• Available records:

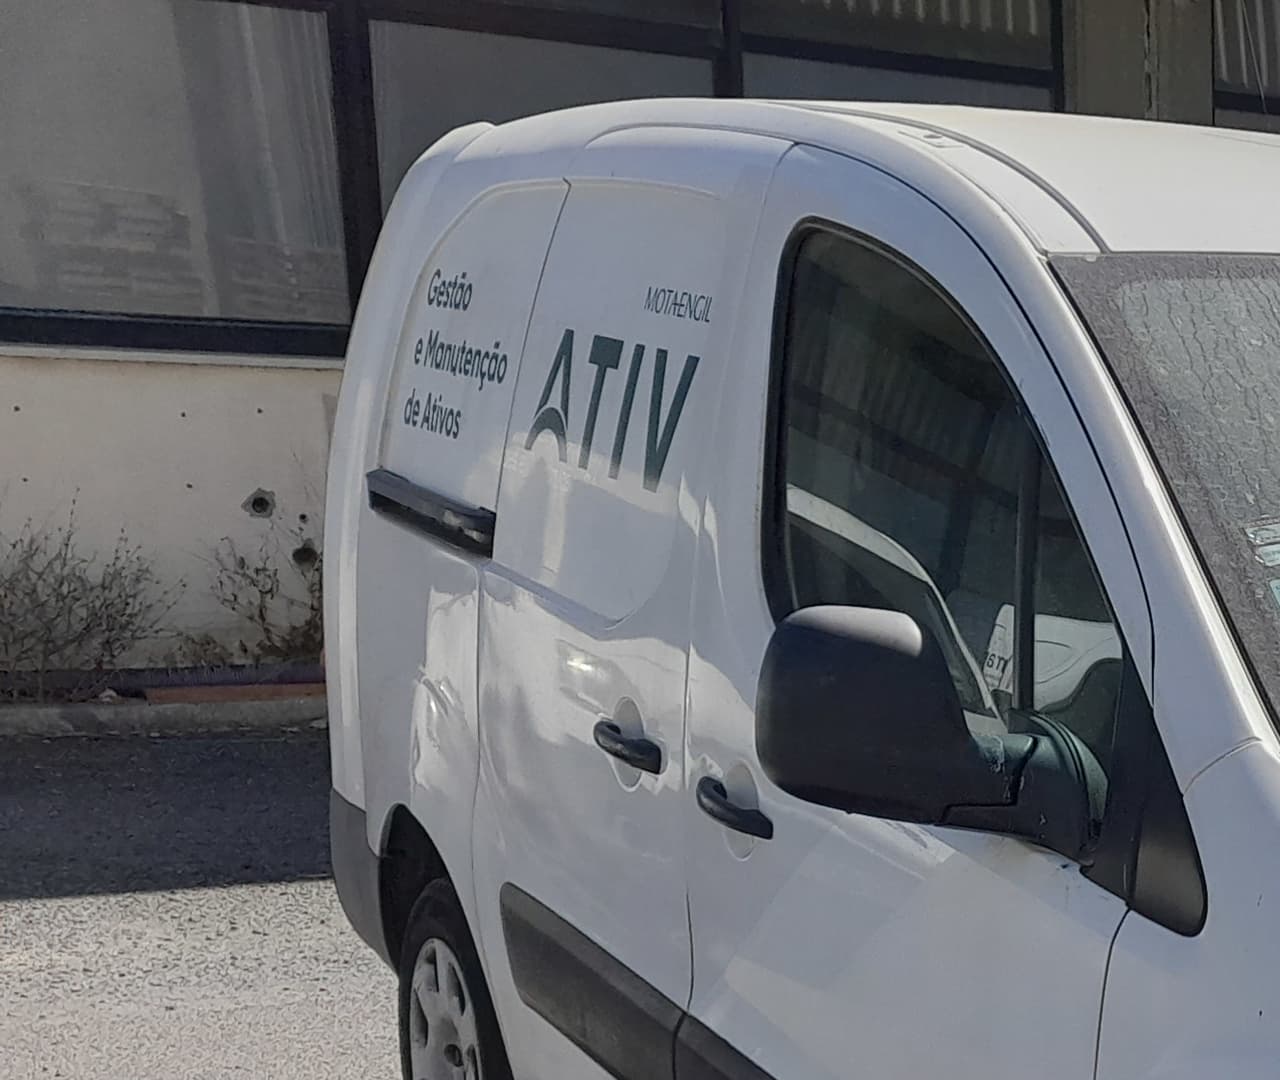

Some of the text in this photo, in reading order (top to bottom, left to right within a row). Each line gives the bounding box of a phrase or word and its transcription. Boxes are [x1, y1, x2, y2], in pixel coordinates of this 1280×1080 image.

[427, 268, 472, 311] Gestão
[414, 329, 508, 392] e Manutenção
[403, 387, 461, 439] de Ativos
[524, 328, 700, 493] ATIV
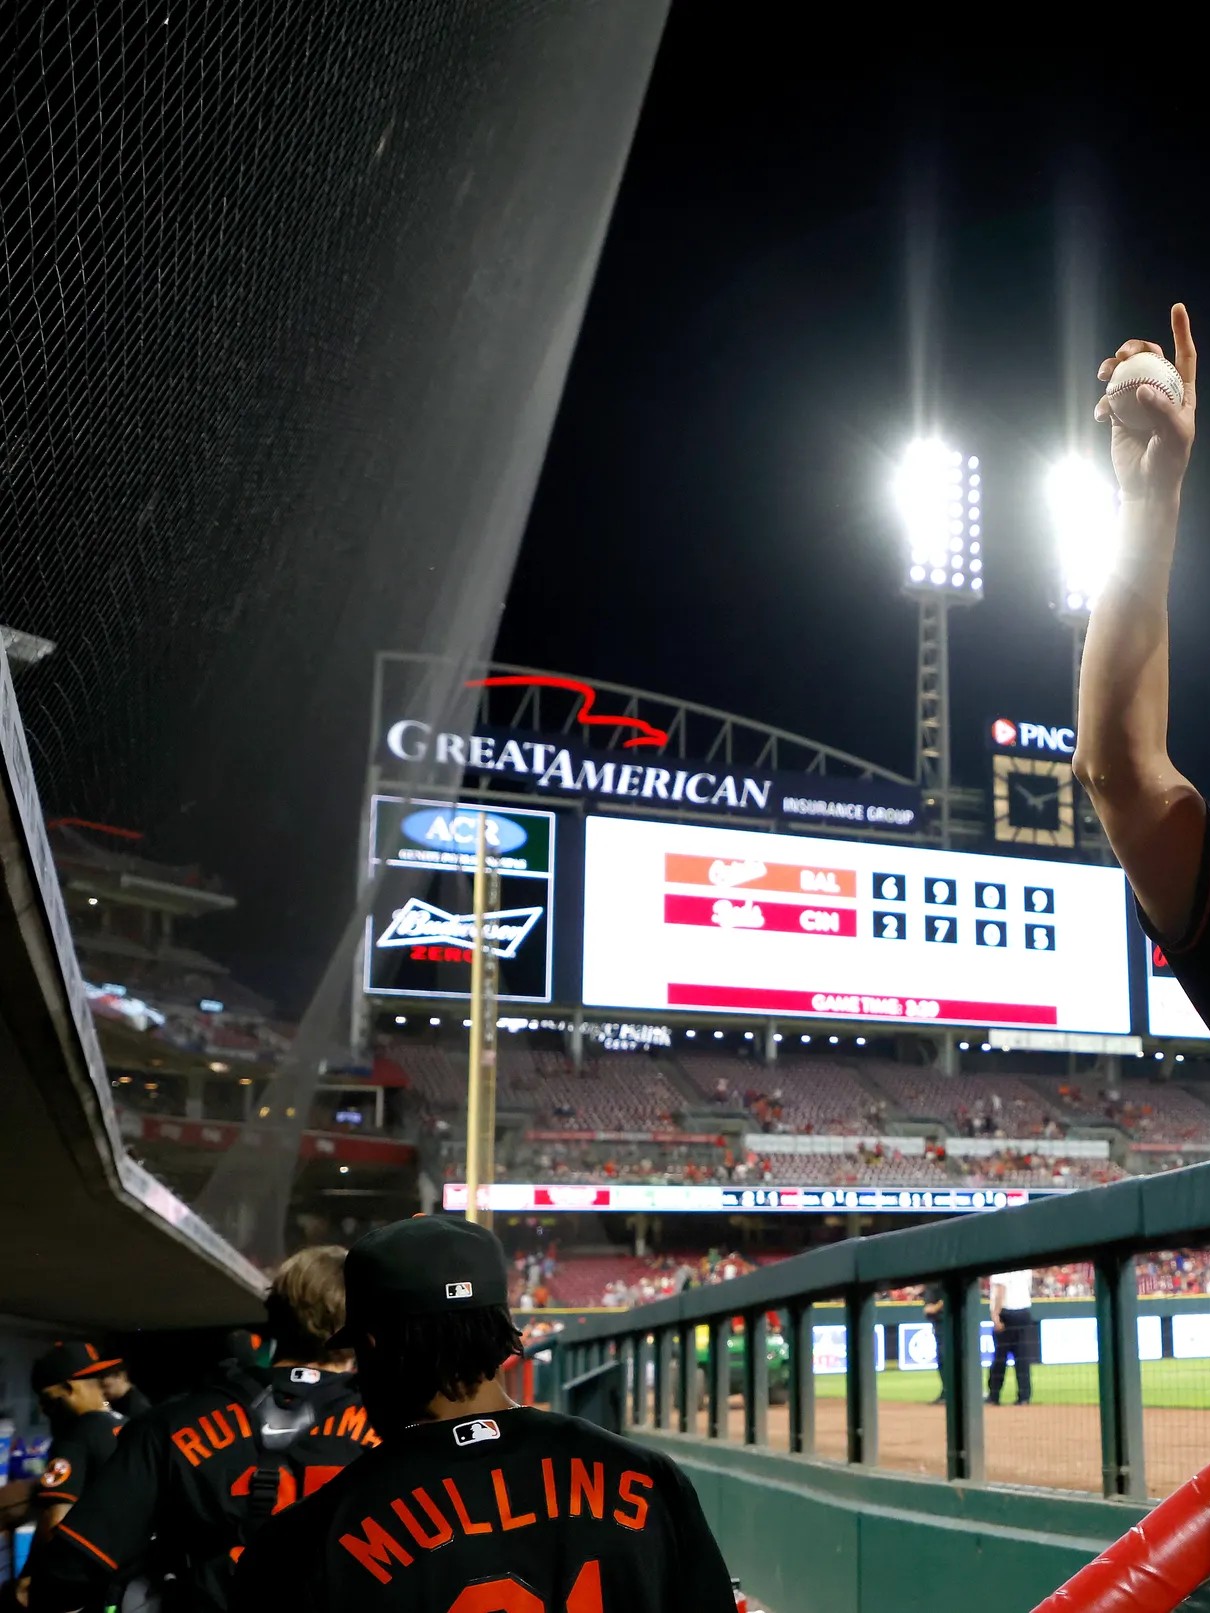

• Instructions for the task:
Return every entry above word for word, and include no images.

• Response area:
Some of the text in this photo, in reading order (top to bottom, left to right within a row). Each line gives the bounding box of a phrase or word and its transcription. Boxes are [x1, y1, x2, y2], in pixel coordinates of this 1280×1080 image.

[427, 268, 472, 311] Gestão
[414, 329, 508, 392] e Manutenção
[403, 387, 461, 439] de Ativos
[524, 328, 700, 493] ATIV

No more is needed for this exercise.